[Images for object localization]
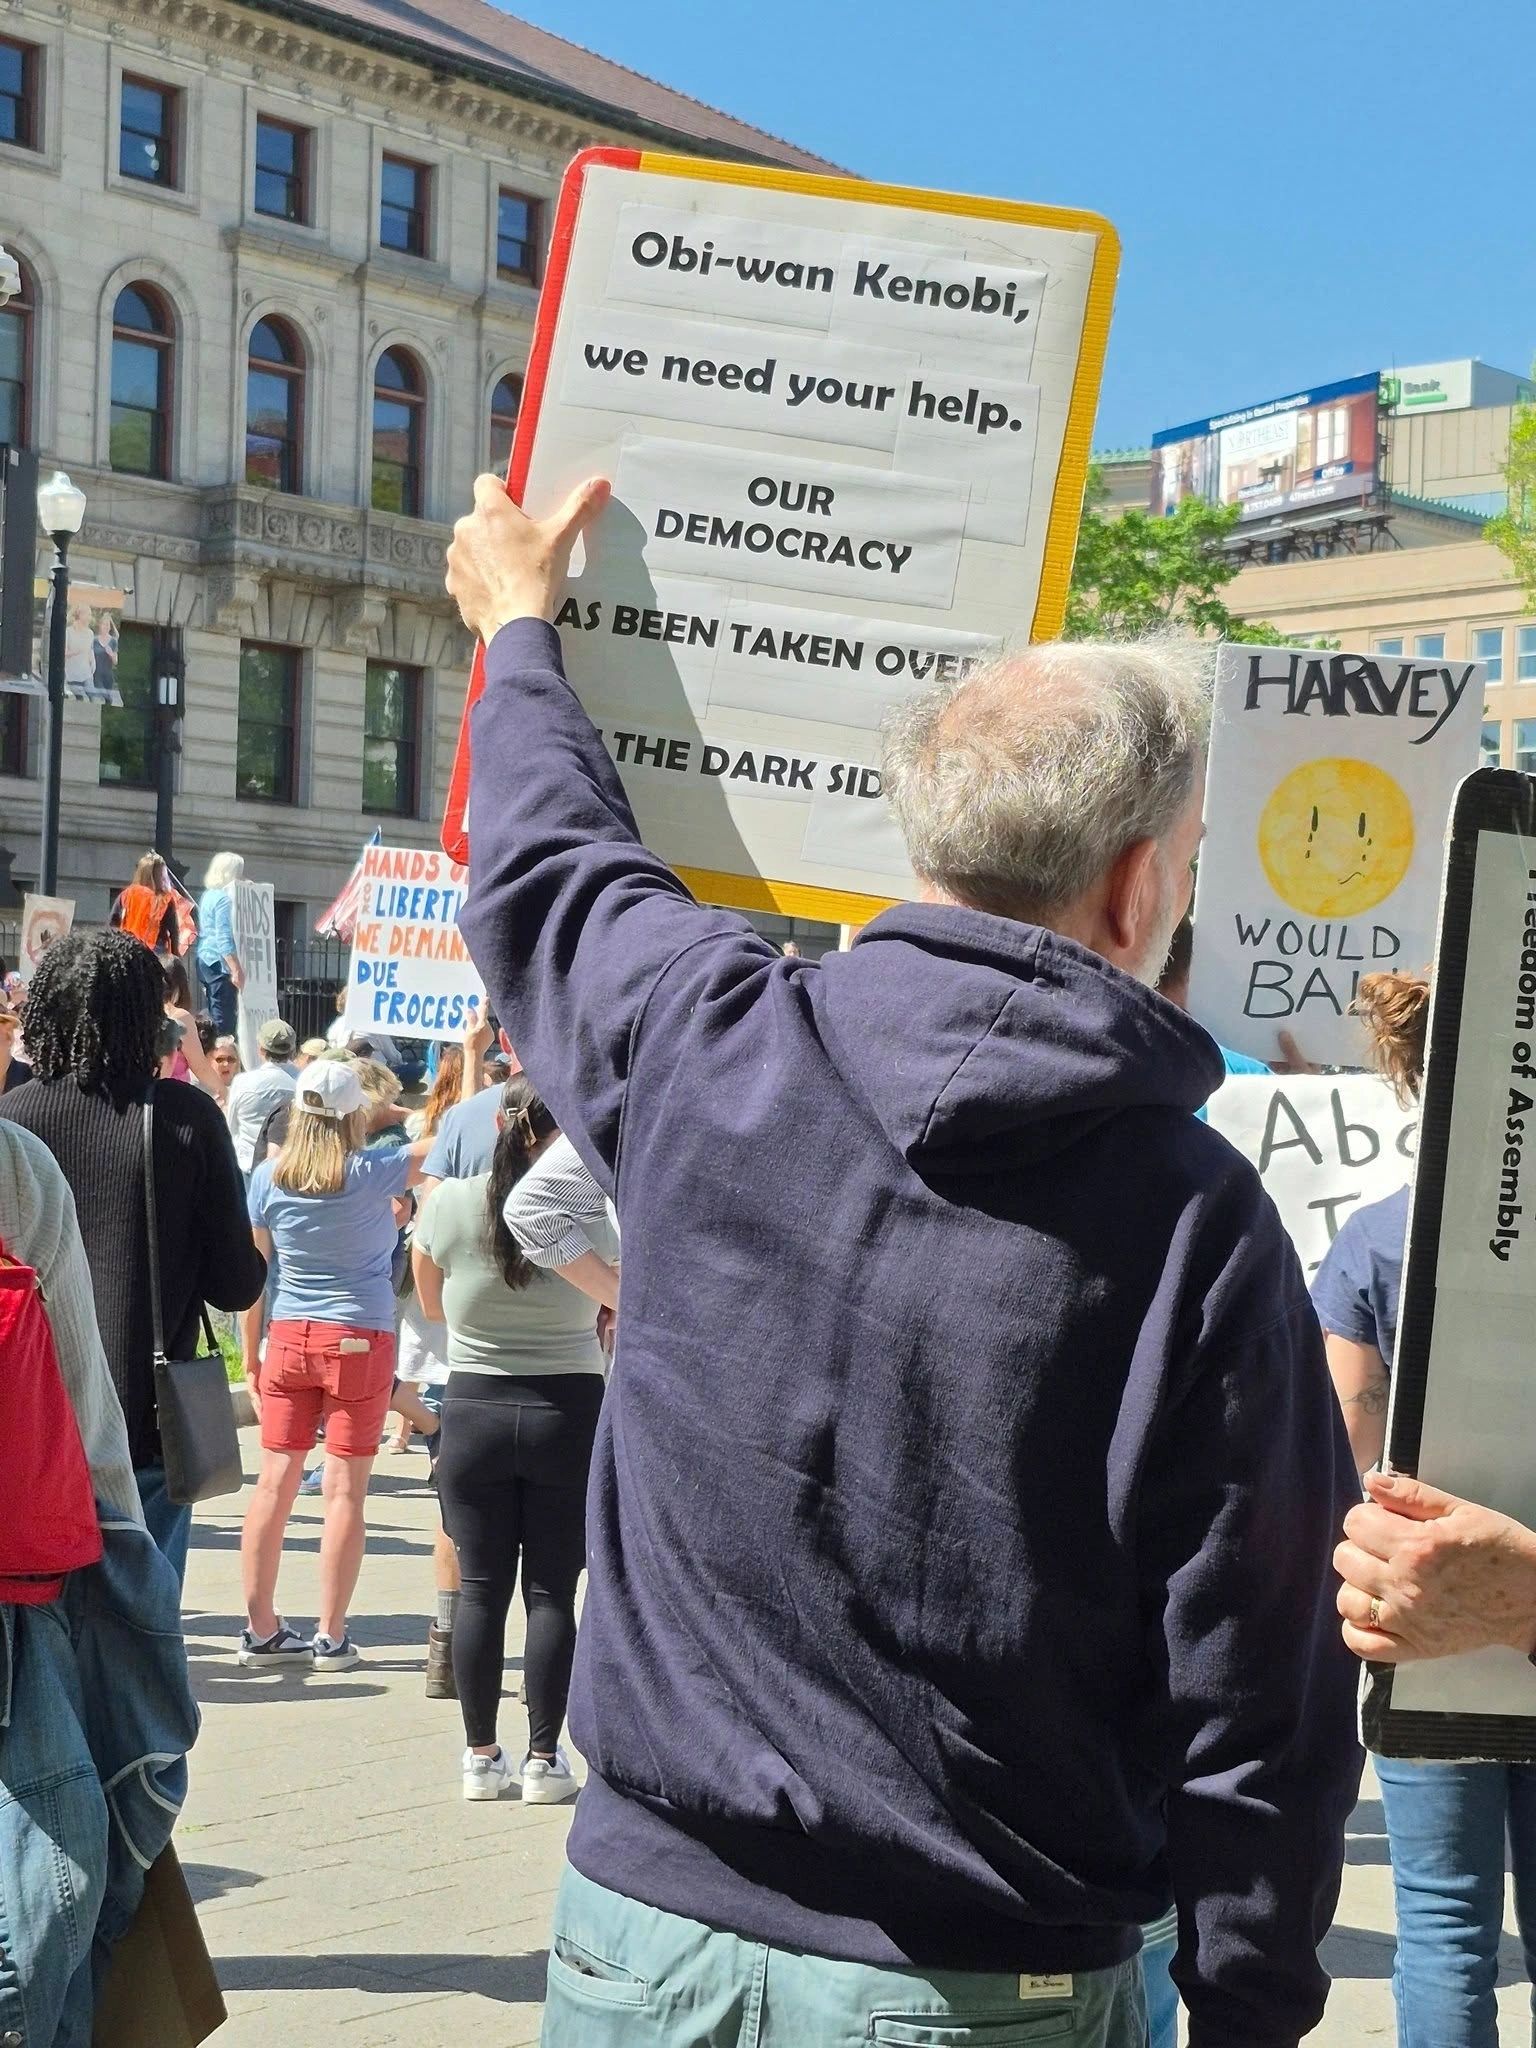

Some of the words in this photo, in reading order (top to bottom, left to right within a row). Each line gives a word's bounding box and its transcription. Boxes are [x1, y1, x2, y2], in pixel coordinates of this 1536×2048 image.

[631, 231, 834, 293] Obi-wan
[853, 260, 1031, 324] Kenobi,
[584, 343, 648, 377] we
[661, 354, 776, 396] need
[786, 371, 895, 412] your
[907, 381, 1023, 435] help.
[747, 476, 835, 517] OUR
[655, 508, 912, 574] DEMOCRACY
[553, 597, 602, 632] AS
[612, 605, 719, 648] BEEN
[729, 623, 863, 670] TAKEN
[1243, 653, 1476, 746] HARVEY
[613, 731, 691, 771] THE
[700, 745, 818, 791] DARK
[826, 763, 883, 800] SID
[363, 850, 440, 882] HANDS
[355, 922, 383, 954] WE
[388, 924, 471, 962] DEMAN
[1235, 913, 1400, 960] WOULD
[357, 959, 399, 988] DUE
[1511, 1041, 1536, 1079] of
[1488, 1086, 1535, 1262] Assembly

Problem requirements - Output the records verbatim, every one of them, and keep the pictures out.

Response box -
Some of the words in this photo, in reading order (top to bottom, left to right within a row). Each line gives a word's bounding box and its transcription. Boxes are [x1, y1, x2, y2], in pixel coordinates of this 1536×2048 image.

[631, 231, 834, 293] Obi-wan
[853, 260, 1031, 324] Kenobi,
[584, 343, 648, 377] we
[661, 354, 776, 396] need
[786, 371, 895, 412] your
[907, 381, 1023, 435] help.
[747, 476, 835, 517] OUR
[655, 508, 912, 574] DEMOCRACY
[553, 597, 602, 632] AS
[612, 605, 719, 648] BEEN
[729, 623, 863, 670] TAKEN
[1243, 653, 1476, 746] HARVEY
[613, 731, 691, 771] THE
[700, 745, 818, 791] DARK
[826, 763, 883, 800] SID
[363, 850, 440, 882] HANDS
[355, 922, 383, 954] WE
[388, 924, 471, 962] DEMAN
[1235, 913, 1400, 960] WOULD
[357, 959, 399, 988] DUE
[1511, 1041, 1536, 1079] of
[1488, 1086, 1535, 1262] Assembly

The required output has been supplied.